__Work task__.
The reply should match the listing below character for character, except that no image is carried over.

--------------------

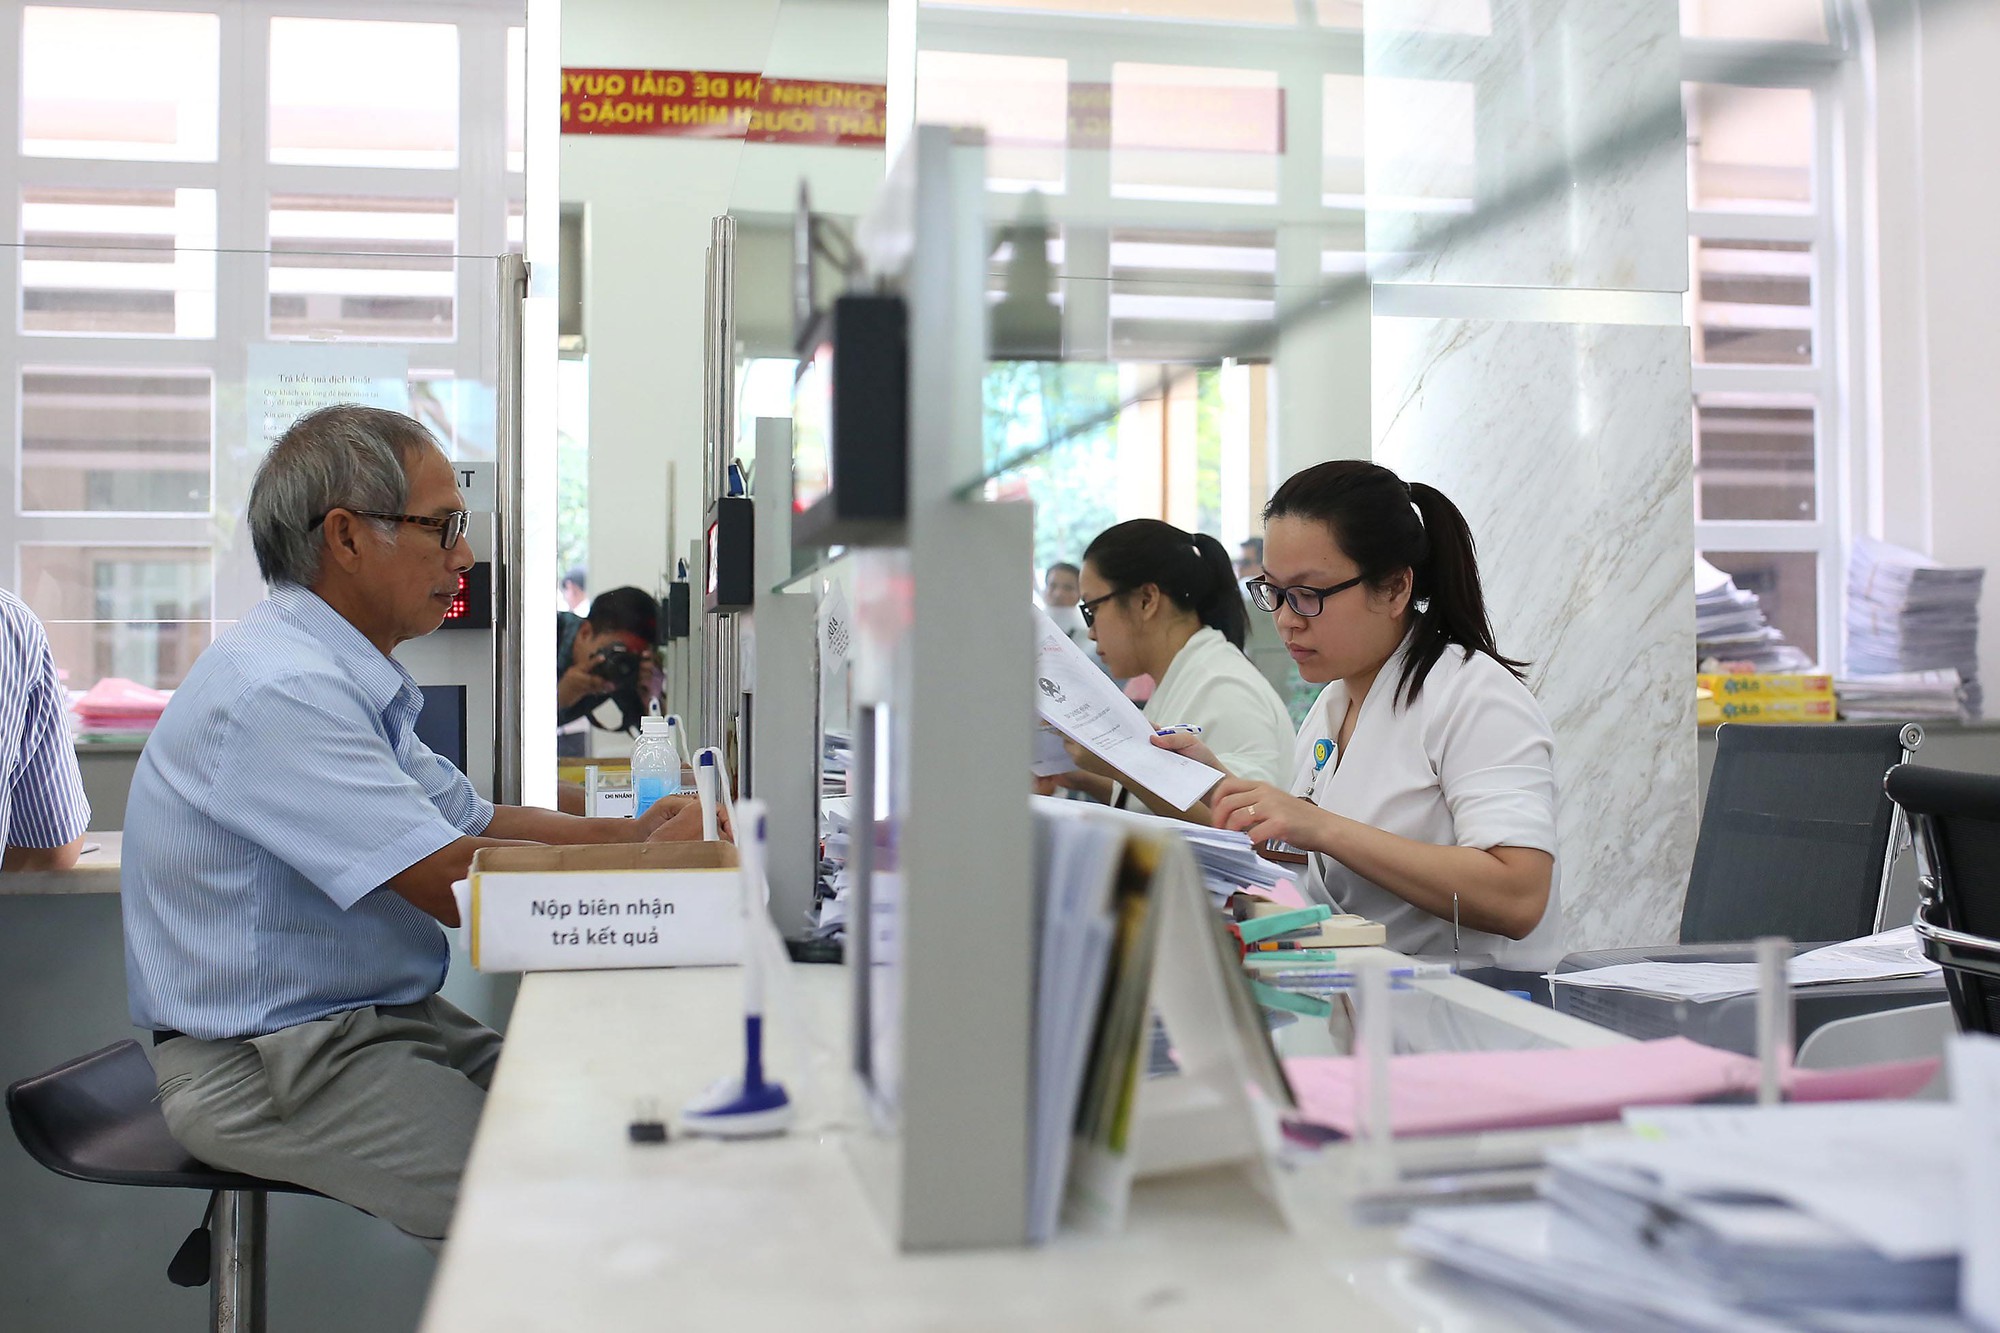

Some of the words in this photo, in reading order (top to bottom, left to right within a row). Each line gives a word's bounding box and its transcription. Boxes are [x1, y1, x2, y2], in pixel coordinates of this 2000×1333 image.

[531, 899, 572, 920] Nộp
[578, 898, 620, 916] biên
[626, 898, 675, 919] nhận
[552, 926, 580, 945] trả
[586, 925, 617, 945] kết
[623, 926, 659, 947] quả
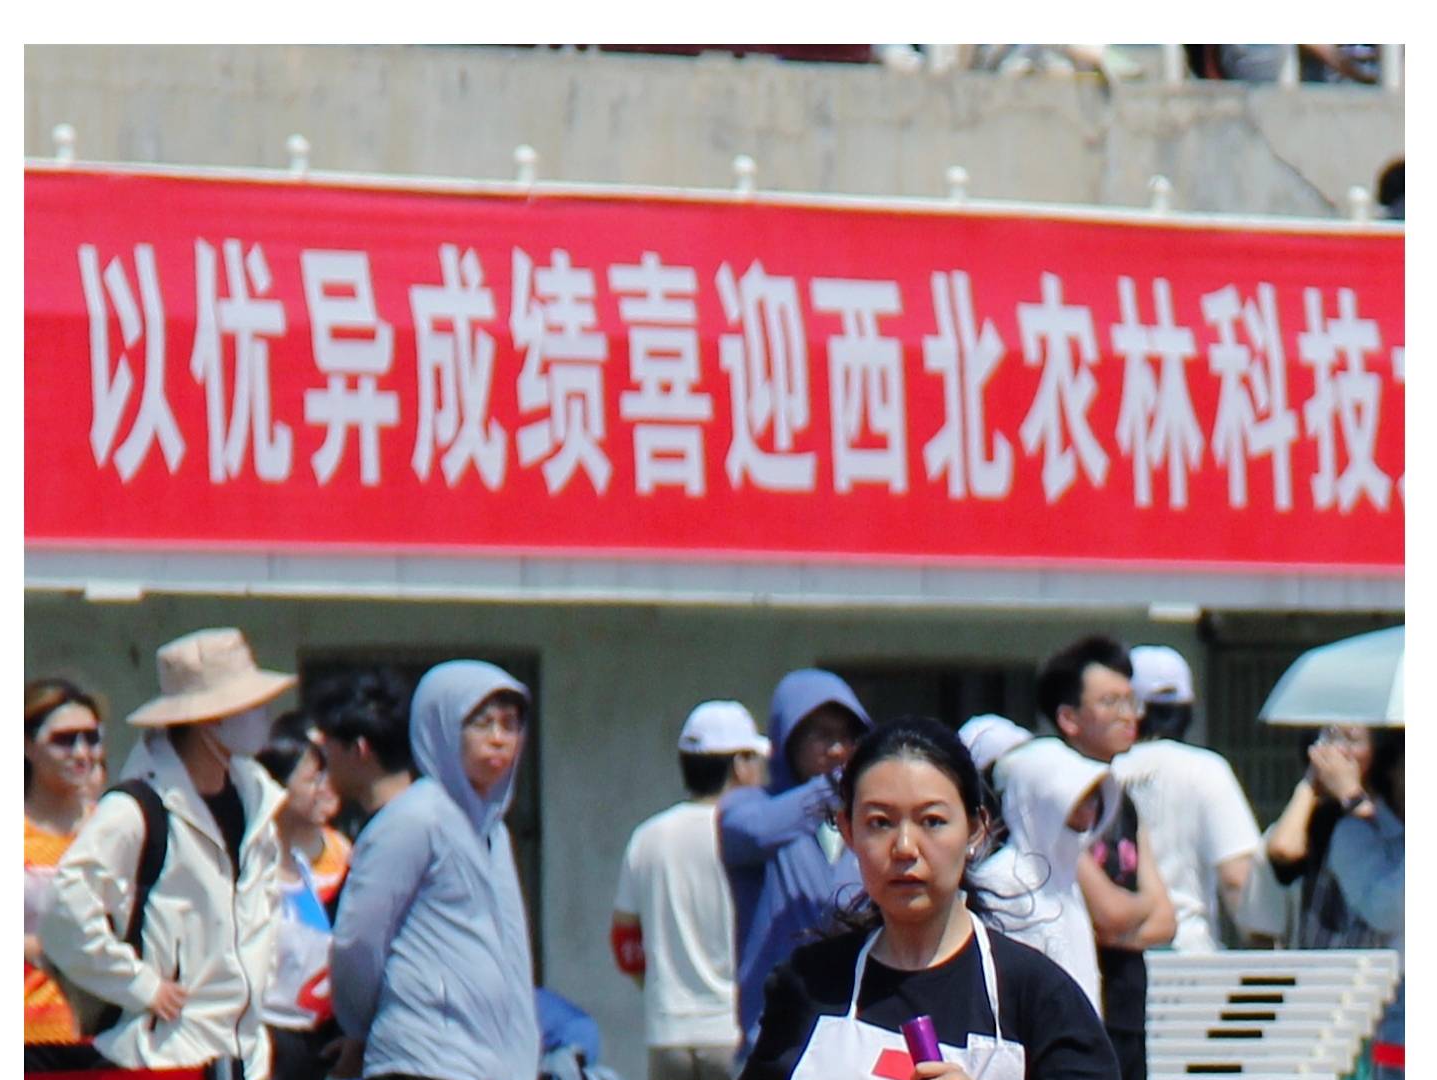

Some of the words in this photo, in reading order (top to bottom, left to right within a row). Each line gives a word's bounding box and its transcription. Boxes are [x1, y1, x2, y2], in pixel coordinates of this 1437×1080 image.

[78, 236, 1405, 514] 以优异成绩喜迎西北农林科技

--------------------

__Result of this task__.
Some of the words in this photo, in reading order (top to bottom, left to right within a row). Each line gives a word's bounding box and its transcription. Boxes are [x1, y1, x2, y2], in pixel coordinates of this 2000×1333 image.

[531, 899, 572, 920] Nộp
[578, 898, 620, 916] biên
[626, 898, 675, 919] nhận
[552, 926, 580, 945] trả
[586, 925, 617, 945] kết
[623, 926, 659, 947] quả

Some of the words in this photo, in reading order (top to bottom, left to right within a row). Each line gives a word's bounding box and its transcription. Boxes are [x1, y1, x2, y2], in pixel coordinates of this 1437×1080 image.

[78, 236, 1405, 514] 以优异成绩喜迎西北农林科技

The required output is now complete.